Sudoku Labyrinth

## Rules of Sudoku Labyrinth

The Sudoku Labyrinth (sometime named: Snail or Magic Spiral) is a very addictive puzzle.

Each grid contains a path that visits each cell of the grid. The beginning of the path is indicated by an arrow.
The goal of the puzzle is to repeat the number sequence “1-2-3” in the path as many times as possible until the end of that path; each row and column have all the numbers of the sequence only once.  Enter the sequence, following the direction of the path, from the beginning to the end. Each number of sequence must be placed in increasing order: (1-2-3-1-2-3-..1-2-3).
The path could be in the form of a spiral, like a snail (this is why this puzzle is called magic spiral), or in the form of a labyrinth. The number sequence is generally 1-2-3, but for  larger grid it could be 1 to 4. The size of the sequence is indicated at the bottom of each puzzle by [1-3] or [1-4].
In this puzzle, like Sudoku, some clues are given. You only need to use logic to resolve this puzzle; each grid has only one solution.
The rules are:

1. Each row and column must contain each number of the sequence only once.
2. The sequences are repeated (in increasing order) in the direction of the path.
3. Each sequence must be complete (containing all the number).

Rule 3 implies that the last number in the path must be the last number of the sequence, otherwise the last sequence would be incomplete.
But, enough discussion, let’s see how the above applies to the resolution of a grid with the sequence 1-2-3.

This is a magic spiral with the entrance is at the top left. Each sequence (1-2-3) must be entered, starting at this entrance, one after another.
Note in the first row of this grid, a 2 at D1 and a 3 at E1. According to rule 1, the row must have all the numbers only once, so the 1 is missing. The number 1 could be in one of the three empty cells (A1,B1,C1). But, in column C, a 1 is present (in C5), then 1 can’t be put in cell C1 (since the third column would have two 1’s – in violation of rule 1). The 1 must go in either A1 or B1; for now, we don’t know exactly which one, but, in order to help us resolve the grid, we could mark cell C1 with an X to indicate an empty cell.
The third column (C) has a 1 and a 3, then 2 is missing, and two cells are free C3 and C4 (remember we have eliminated C1) . The cell C3 is the last cell of the path, then if this cell is not empty, then the cell must have the last number of the sequence ( a 3 following rule 3) so a 2 cannot be there because there would be no room after it to put the 3. The only available cell in the third column is C4, so we put the 2 in C4 and mark cell C3 with an X .

We have progressed.
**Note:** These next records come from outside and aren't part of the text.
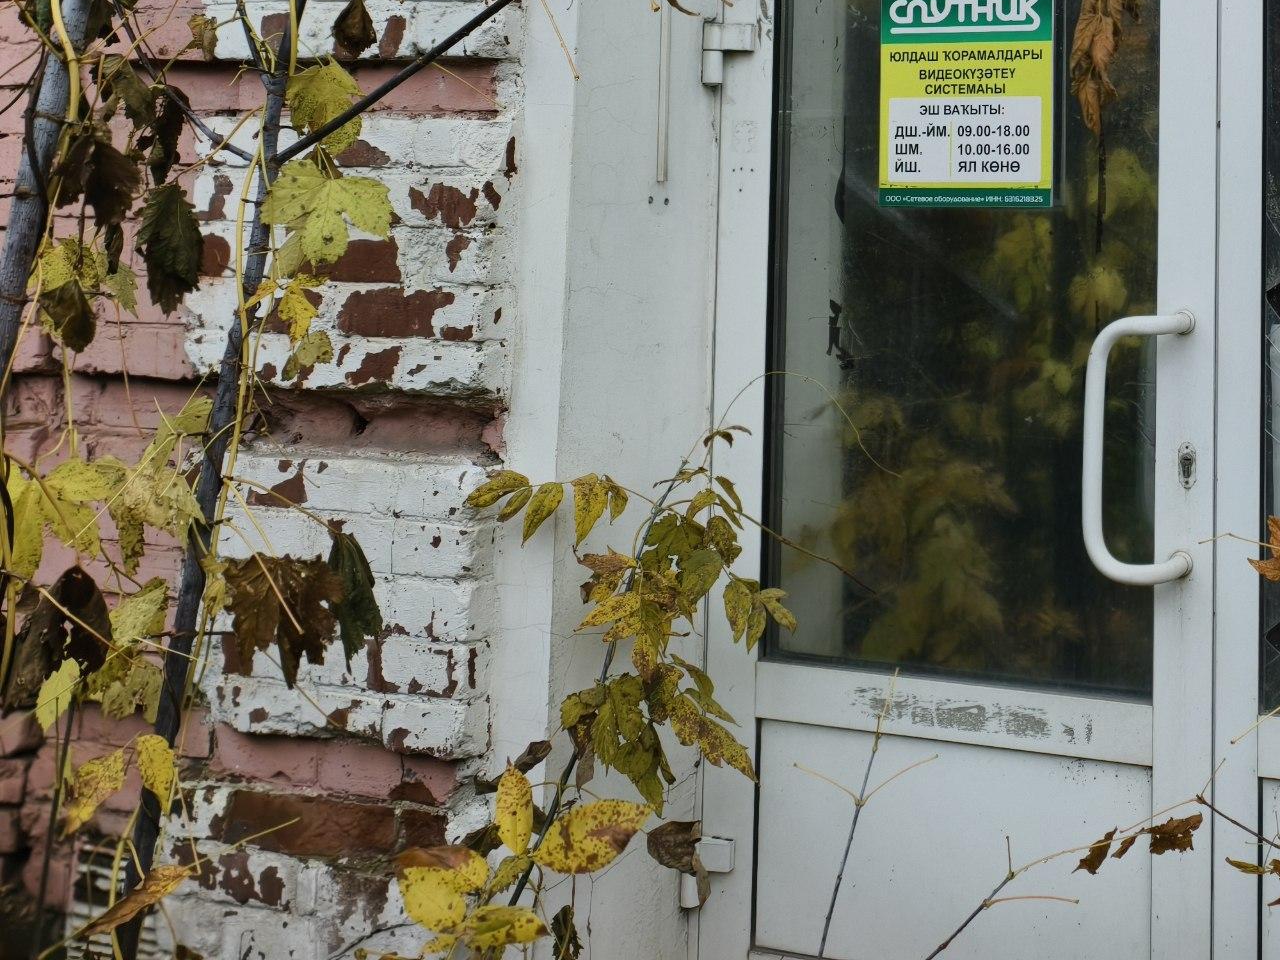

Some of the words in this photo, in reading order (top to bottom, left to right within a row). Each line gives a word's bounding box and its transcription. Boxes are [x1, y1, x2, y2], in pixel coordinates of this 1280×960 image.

[890, 51, 938, 63] ЮЛДАШ
[925, 84, 1005, 94] СИСТЕМАҺЫ
[920, 105, 939, 115] ЭШ
[944, 104, 1004, 115] ВАҠЫТЫ:
[895, 123, 950, 139] ДШ.-ЙМ.
[958, 125, 1029, 137] 09.00-18.00
[895, 144, 922, 155] ШМ.
[958, 144, 1029, 155] 10.00-16.00
[895, 159, 921, 173] ЙШ.
[958, 161, 977, 172] ЯЛ
[981, 161, 1020, 172] КӨНӨ
Now, in following the path we note that the last column (E) begin with 3 (E1), then we have to follow with 1 and 2, in that order, in this column. The last two cells (E4 and E5) cannot accept a 2 because those rows already have a 2 (row 4 and row 5), leaving only cells E2 and E3. Cell E2 immediately follows a 3 so this cell, if it is occupied, can only accept a 1, otherwise the sequence would be broken, so cell E3 will have the 2 and, by the way, E2 has the 1. We can also mark the cells E4 and E5 as empty.

Now we note that the last number of the last column (E) is a 2, then the next number must be 3 and the only free cell in the path (the spiral) is D5. Then a 3 goes in D5; this completes the last row and we can mark the cell A5 as empty. Following the path, we notice that cell B2 could only accept a 2 (because this cell is immediately followed by a 3 in row 2), but column B already has a 2; since it can’t accept a 2, then cell B2 must be empty (and gets a mark).
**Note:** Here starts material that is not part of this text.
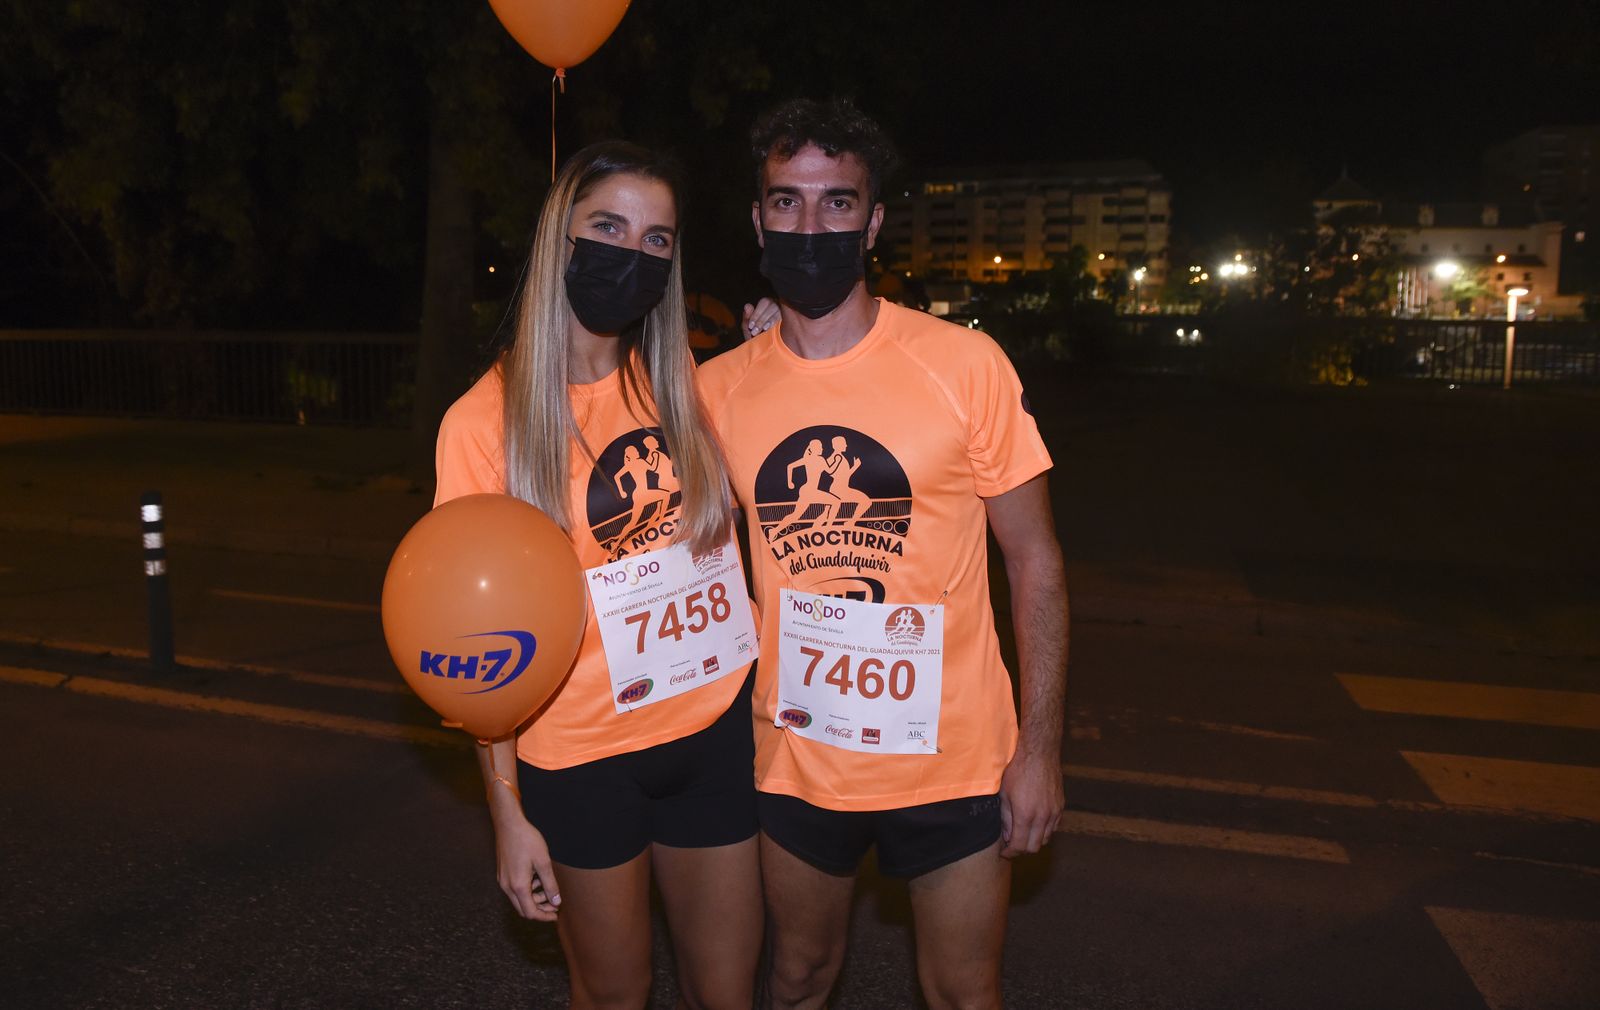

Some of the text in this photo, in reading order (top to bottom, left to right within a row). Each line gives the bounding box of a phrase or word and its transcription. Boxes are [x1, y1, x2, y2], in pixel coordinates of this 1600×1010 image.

We only have three free cells in the path (spiral) between the number 2 (B5) and the number 3 (C2). If all three of these cells were empty, then rule 2 would not be broken, but the first column would have only one cell left (A1); then column A would not have all the numbers (rule 1). So, the three free cells must be occupied by a complete sequence (3,1 and 2 respectively in A4,A3 and A2). As the first column (A) is complete, we mark cell A1 with an X (empty). Now cell B1 is the only place to accept the 1 in the first row (1).

We have made a lot of progress, we must put the 3 in the second column (B) and the 1 in the fourth (D) column. The only cell in column B that can accept a 3 is B3 and, by the way, the 1 goes in D4 for the solution.